### Data:

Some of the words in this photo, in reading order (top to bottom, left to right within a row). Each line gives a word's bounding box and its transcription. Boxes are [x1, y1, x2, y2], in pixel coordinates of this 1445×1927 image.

==

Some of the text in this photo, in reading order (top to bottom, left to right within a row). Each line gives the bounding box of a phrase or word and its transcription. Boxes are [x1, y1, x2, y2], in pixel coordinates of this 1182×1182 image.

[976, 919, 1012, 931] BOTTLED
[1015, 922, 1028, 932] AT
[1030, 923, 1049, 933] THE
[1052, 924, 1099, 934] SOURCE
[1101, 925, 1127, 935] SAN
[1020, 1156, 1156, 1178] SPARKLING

==

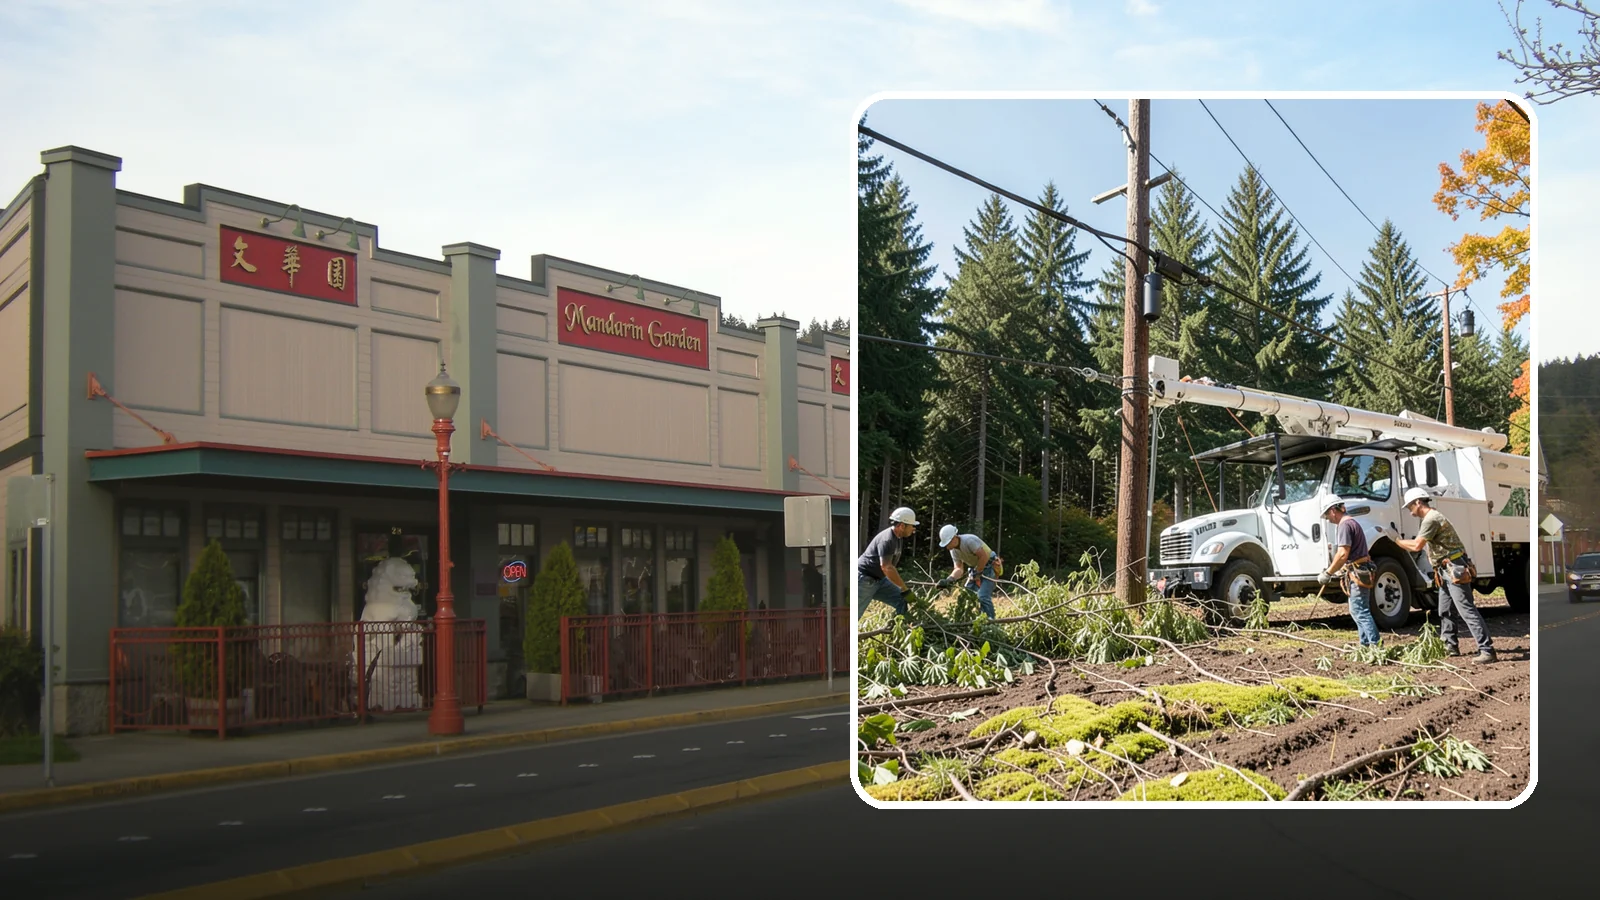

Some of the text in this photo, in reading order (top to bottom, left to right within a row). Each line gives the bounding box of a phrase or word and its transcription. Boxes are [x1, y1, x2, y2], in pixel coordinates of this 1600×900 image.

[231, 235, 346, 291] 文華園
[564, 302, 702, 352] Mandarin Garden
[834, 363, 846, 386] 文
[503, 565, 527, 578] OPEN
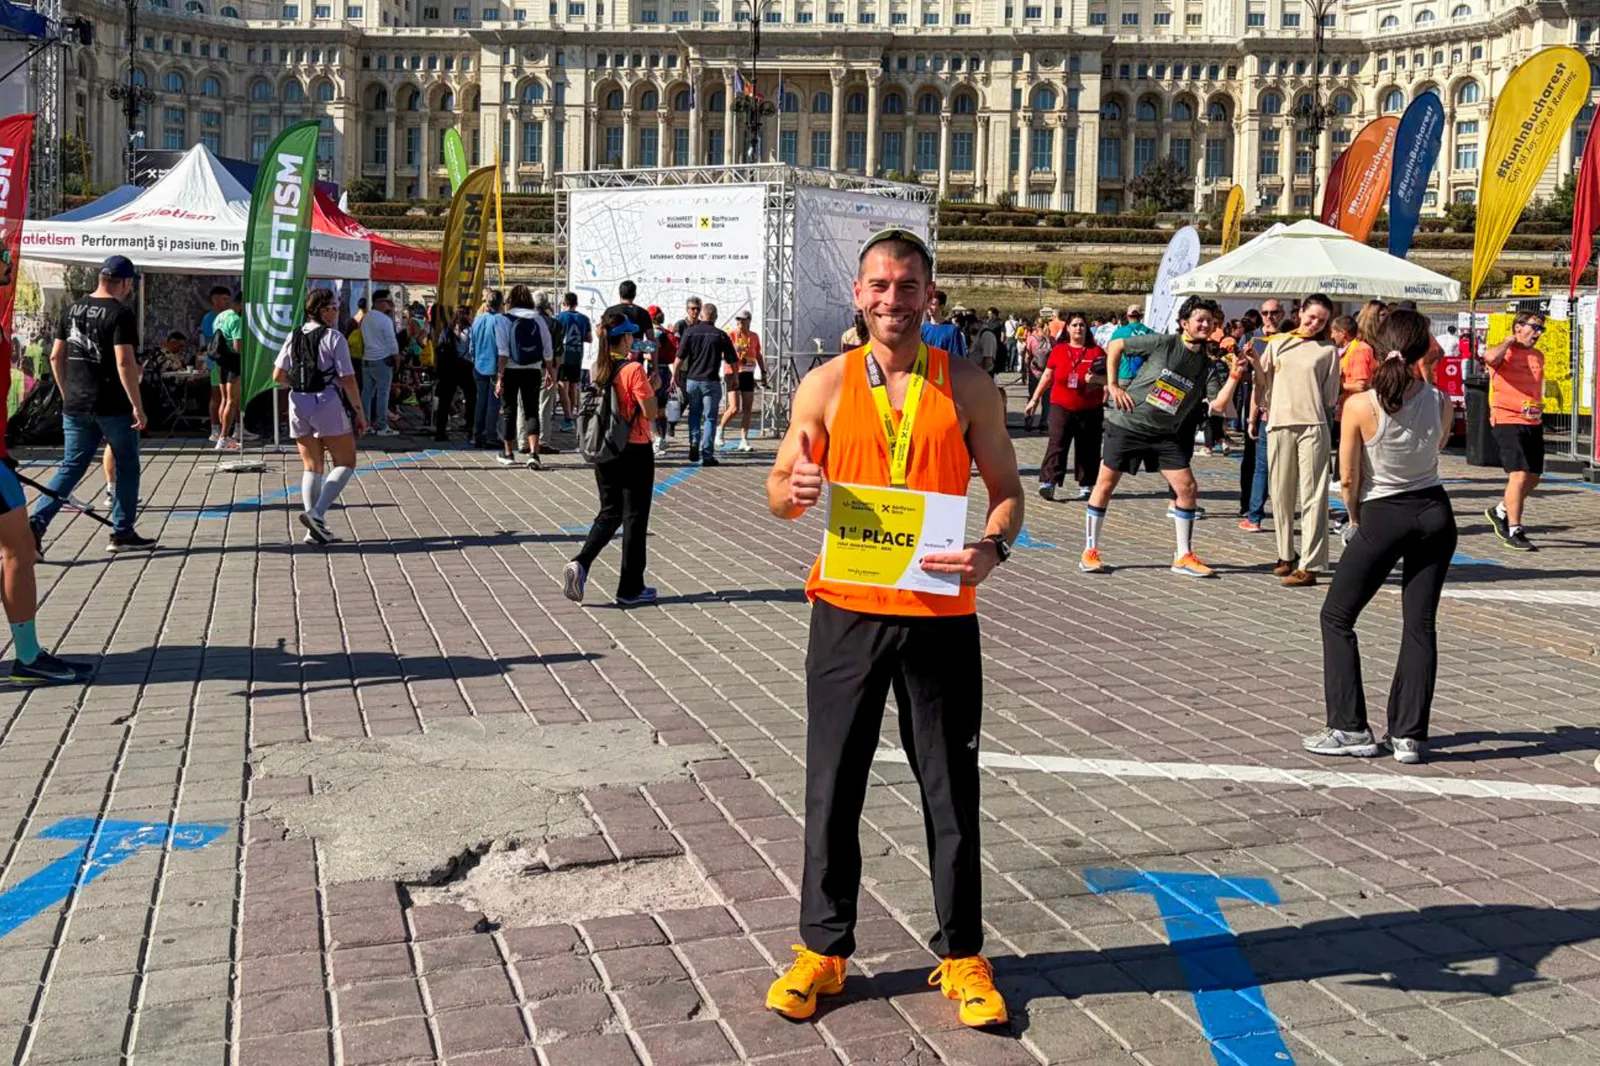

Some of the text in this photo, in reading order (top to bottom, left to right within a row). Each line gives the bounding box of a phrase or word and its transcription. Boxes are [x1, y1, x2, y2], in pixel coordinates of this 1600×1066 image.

### Task goal:
Repeat exactly the stretch of the listing above that starts with the line holding "this 1600×900 image." and finishes with the line holding "this 1600×1066 image.", both included. Skip every picture.

### Answer below:
Some of the text in this photo, in reading order (top to bottom, left to right within a row). Each line gives the bounding box of a phrase or word and its transcription. Boxes are [x1, y1, x2, y2], in pixel coordinates of this 1600×900 image.

[231, 235, 346, 291] 文華園
[564, 302, 702, 352] Mandarin Garden
[834, 363, 846, 386] 文
[503, 565, 527, 578] OPEN

Some of the text in this photo, in reading order (top to bottom, left to right within a row). Each line gives the bounding box of a phrase or word and its transcription. Boxes are [x1, y1, x2, y2], in pixel coordinates of this 1600×1066 image.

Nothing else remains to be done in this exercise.